**Raw data:**
━━━━━━━━━━
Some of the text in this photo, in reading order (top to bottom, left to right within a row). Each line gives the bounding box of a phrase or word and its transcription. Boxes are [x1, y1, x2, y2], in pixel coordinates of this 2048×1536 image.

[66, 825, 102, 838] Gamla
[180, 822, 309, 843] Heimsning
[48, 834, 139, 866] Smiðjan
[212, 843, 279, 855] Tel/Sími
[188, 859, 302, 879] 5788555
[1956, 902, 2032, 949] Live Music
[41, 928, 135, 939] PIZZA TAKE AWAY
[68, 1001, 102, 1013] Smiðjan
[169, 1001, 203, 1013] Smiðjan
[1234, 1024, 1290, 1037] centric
━━━━━━━━━━
**Task goal:** Please reproduce each record precisely as written.

**Final answer:**
Some of the text in this photo, in reading order (top to bottom, left to right within a row). Each line gives the bounding box of a phrase or word and its transcription. Boxes are [x1, y1, x2, y2], in pixel coordinates of this 2048×1536 image.

[66, 825, 102, 838] Gamla
[180, 822, 309, 843] Heimsning
[48, 834, 139, 866] Smiðjan
[212, 843, 279, 855] Tel/Sími
[188, 859, 302, 879] 5788555
[1956, 902, 2032, 949] Live Music
[41, 928, 135, 939] PIZZA TAKE AWAY
[68, 1001, 102, 1013] Smiðjan
[169, 1001, 203, 1013] Smiðjan
[1234, 1024, 1290, 1037] centric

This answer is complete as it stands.